The four-part series will showcase effective risk communication strategies and how they have been tailored to the needs of diverse communities. Presentations will also highlight first-hand experiences designing risk communication messages and campaigns, evaluating impact, and adapting communication strategies for different populations. The webinar series builds on an SRP workshop held in June 2021.

The first session focuses on designing and tailoring messages to better communicate risks to vulnerable communities. Presenters will include how they have worked with communities and other stakeholders to develop targeted messages and create effective communication tools.

Maida Galvez, M.D., and Joseph Wilson, M.H.S., of the Icahn School of Medicine at Mount Sinai, will share foundational principles of messaging development routinely used by the Region 2 Pediatric Environmental Health Specialty Unit, New York State Children's Environmental Health Center, and the Mount Sinai NIEHS Community Engagement Core. They will discuss case examples that highlight partnered messaging development featuring the Prescription for Prevention Program and other examples of environmental public health messaging which were enhanced by inclusion of diverse perspectives.

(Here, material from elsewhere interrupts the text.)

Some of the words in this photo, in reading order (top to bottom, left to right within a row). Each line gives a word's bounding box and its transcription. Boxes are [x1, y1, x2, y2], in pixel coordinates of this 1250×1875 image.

Esther Erdei, Ph.D., of the University of New Mexico will explain how Tribal communities are in increased risk to be exposed to various toxicants through numerous pathways that are associated with their traditional land use patterns, ceremonies, and overall dependence on their outdoor, rural and built environment. The presentation will highlight successful methods of engaging the communities in risk communication, environmental health education, and the report-back process.

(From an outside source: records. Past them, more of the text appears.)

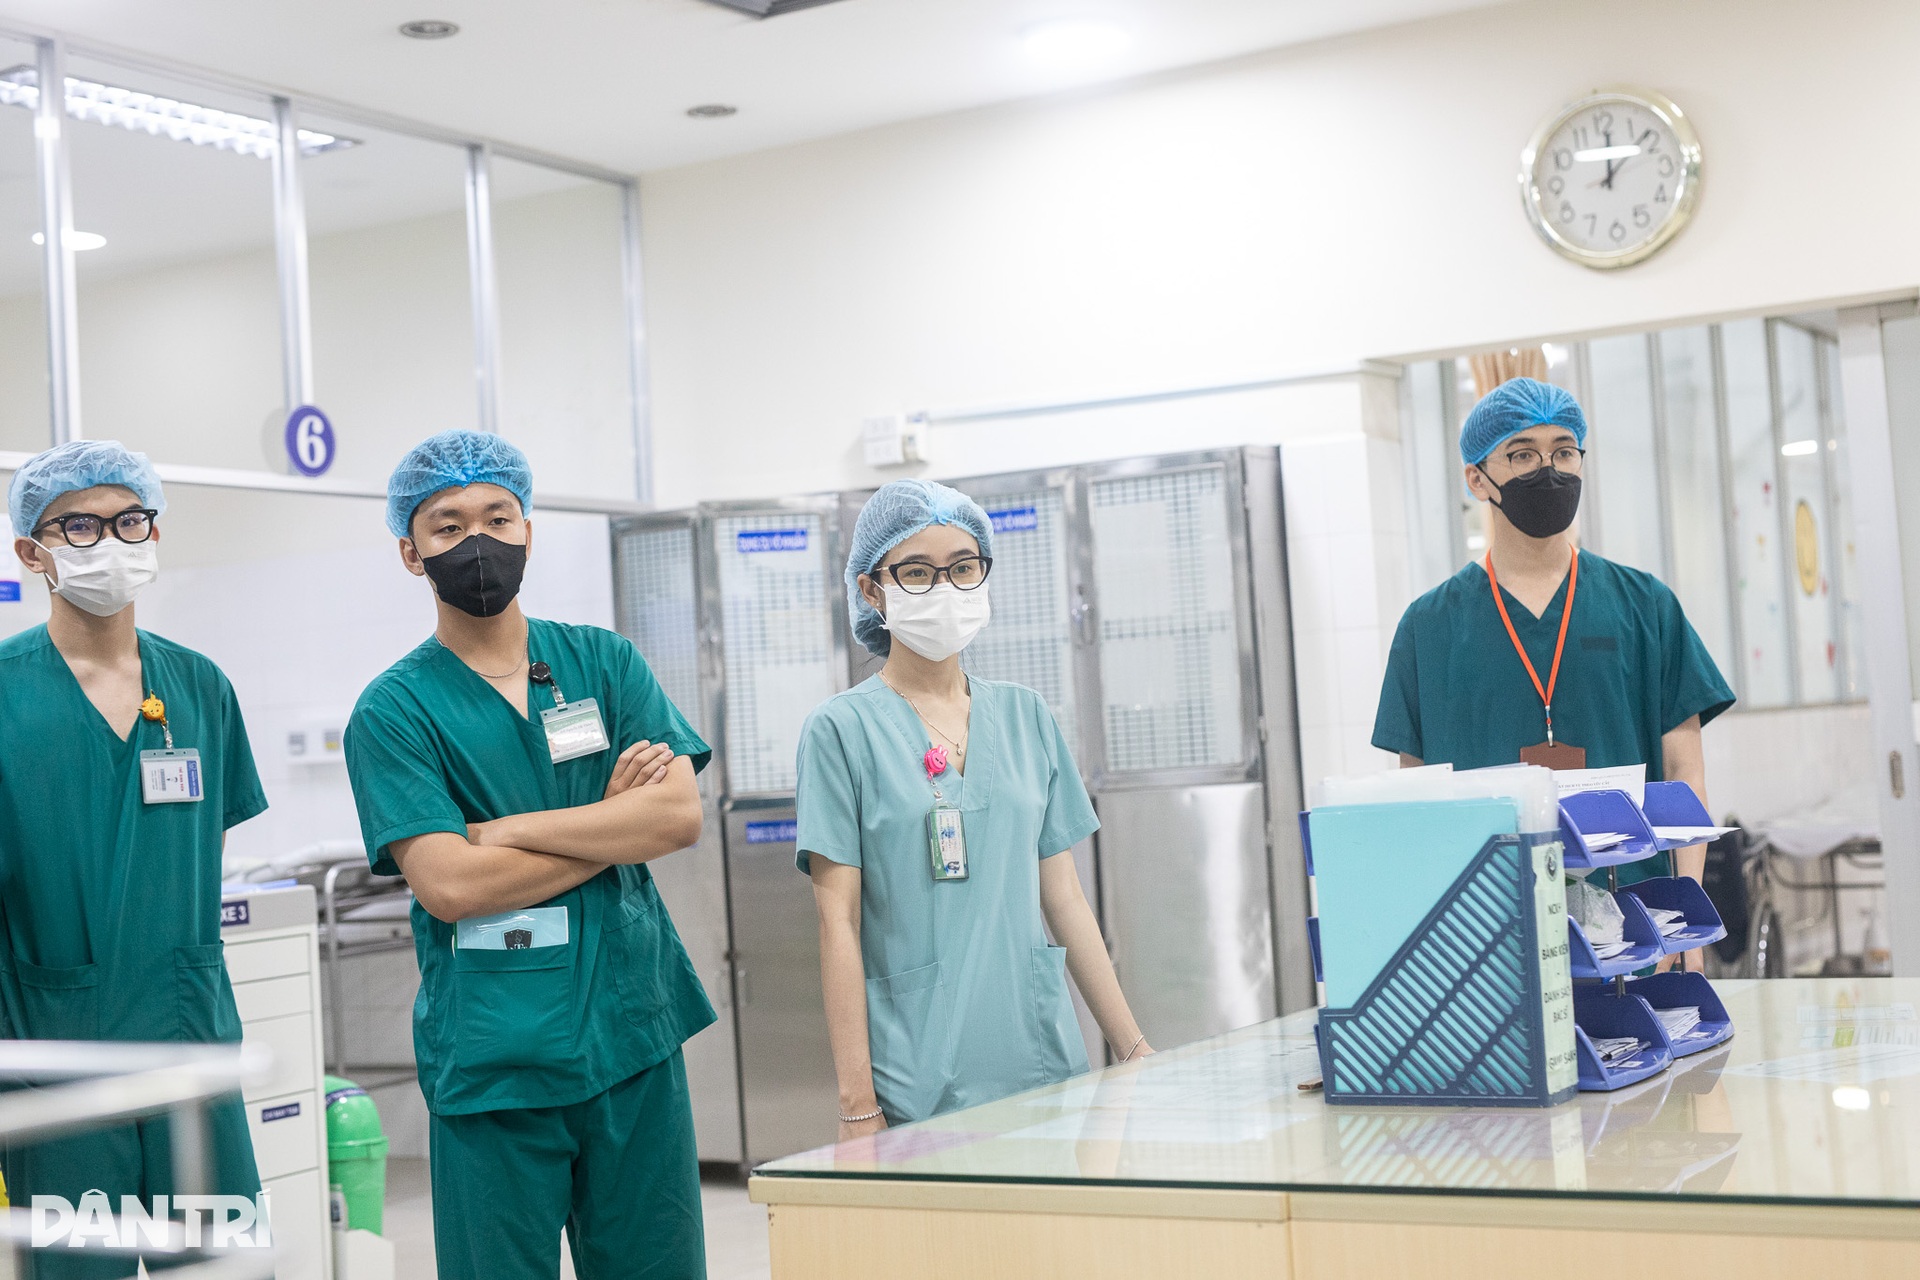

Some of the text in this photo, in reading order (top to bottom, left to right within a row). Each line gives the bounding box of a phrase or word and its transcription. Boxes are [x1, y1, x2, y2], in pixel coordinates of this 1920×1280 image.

[1593, 109, 1614, 137] 12
[1627, 118, 1634, 138] 1
[1573, 126, 1589, 149] 11
[1553, 148, 1574, 171] 10
[1658, 154, 1674, 179] 3
[1547, 175, 1565, 198] 9
[1654, 184, 1668, 204] 4
[1559, 201, 1576, 224] 8
[1632, 204, 1651, 228] 5
[1582, 213, 1598, 237] 7
[1608, 219, 1626, 242] 6
[296, 414, 326, 469] 6
[238, 905, 247, 921] 3

Rachel Morello-Frosch, Ph.D., of the University of California, Berkeley will discuss processes for engaging community collaborators in the development of online and other digital tools to inform individual and collective exposure reduction strategies and regulatory decision-making. The presentation will highlight community- and data-driven strategies such as the Water Equity Science Shop Statewide drinking water tool, spatial maps of sea level rise threats to hazardous facilities in communities in California, and application of a Digital Report-Back Interface to report back biomonitoring results to study participants.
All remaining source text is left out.